• **What you should do**: Omit the pictures found among the records and print everything else exactly as it stands.

□ □ □ □ □

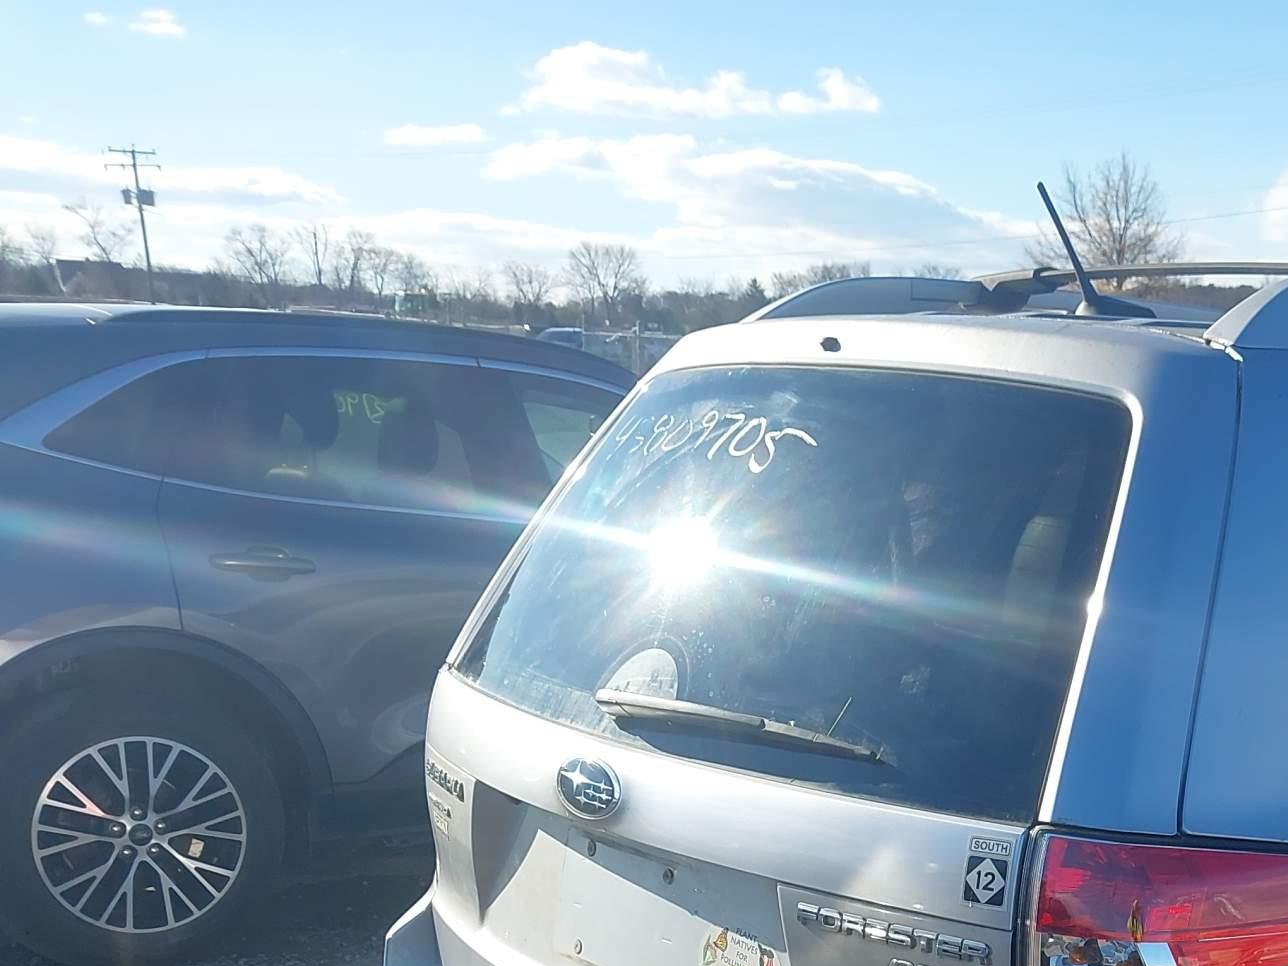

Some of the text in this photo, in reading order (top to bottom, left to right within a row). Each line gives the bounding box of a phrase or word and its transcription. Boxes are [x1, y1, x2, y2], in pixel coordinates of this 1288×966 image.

[972, 840, 1009, 854] SOUTH
[976, 869, 997, 892] 12
[736, 927, 758, 942] PLANT
[797, 901, 992, 966] FORESTER
[730, 935, 759, 956] NATIVES
[735, 950, 748, 963] FOR
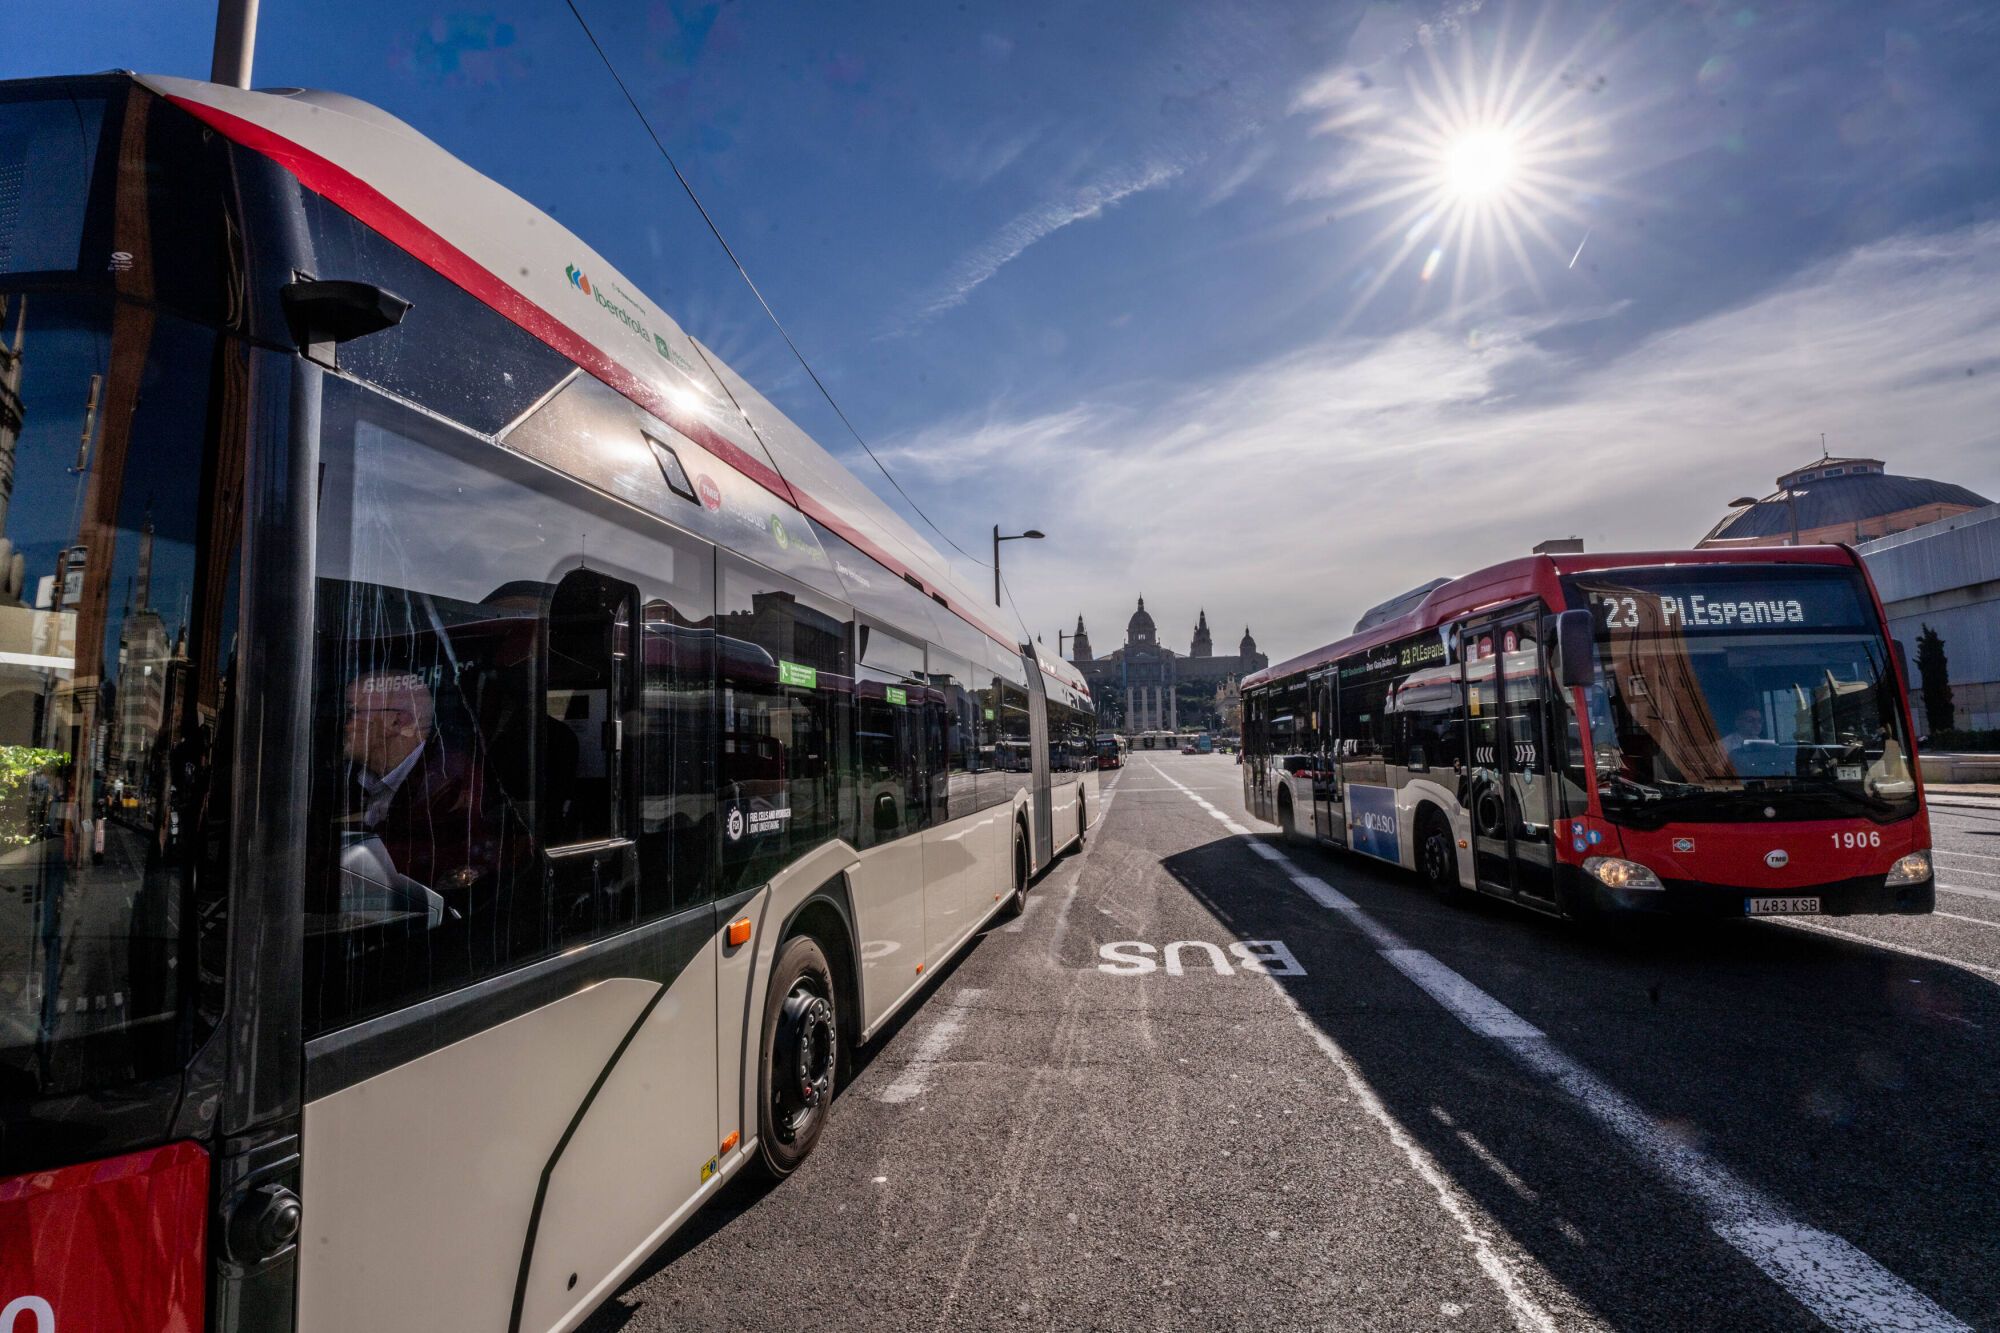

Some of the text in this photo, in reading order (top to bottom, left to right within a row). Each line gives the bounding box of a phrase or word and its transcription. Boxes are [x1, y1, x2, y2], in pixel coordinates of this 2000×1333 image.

[592, 285, 650, 343] Iberdrola
[1603, 595, 1804, 628] 23 Pl.Espanya
[1401, 648, 1411, 666] 23
[1364, 811, 1395, 834] OCASO
[1831, 831, 1881, 849] 1906
[1755, 899, 1818, 913] 1483 KSB
[1098, 940, 1309, 976] BUS

□ □ □ □ □

• **Task result**:
Some of the text in this photo, in reading order (top to bottom, left to right within a row). Each line gives the bounding box of a phrase or word and its transcription. Boxes are [x1, y1, x2, y2], in pixel coordinates of this 1288×966 image.

[972, 840, 1009, 854] SOUTH
[976, 869, 997, 892] 12
[736, 927, 758, 942] PLANT
[797, 901, 992, 966] FORESTER
[730, 935, 759, 956] NATIVES
[735, 950, 748, 963] FOR

Some of the text in this photo, in reading order (top to bottom, left to right within a row). Each line gives the bounding box of a phrase or word and its transcription. Boxes are [x1, y1, x2, y2], in pixel coordinates of this 2000×1333 image.

[592, 285, 650, 343] Iberdrola
[1603, 595, 1804, 628] 23 Pl.Espanya
[1401, 648, 1411, 666] 23
[1364, 811, 1395, 834] OCASO
[1831, 831, 1881, 849] 1906
[1755, 899, 1818, 913] 1483 KSB
[1098, 940, 1309, 976] BUS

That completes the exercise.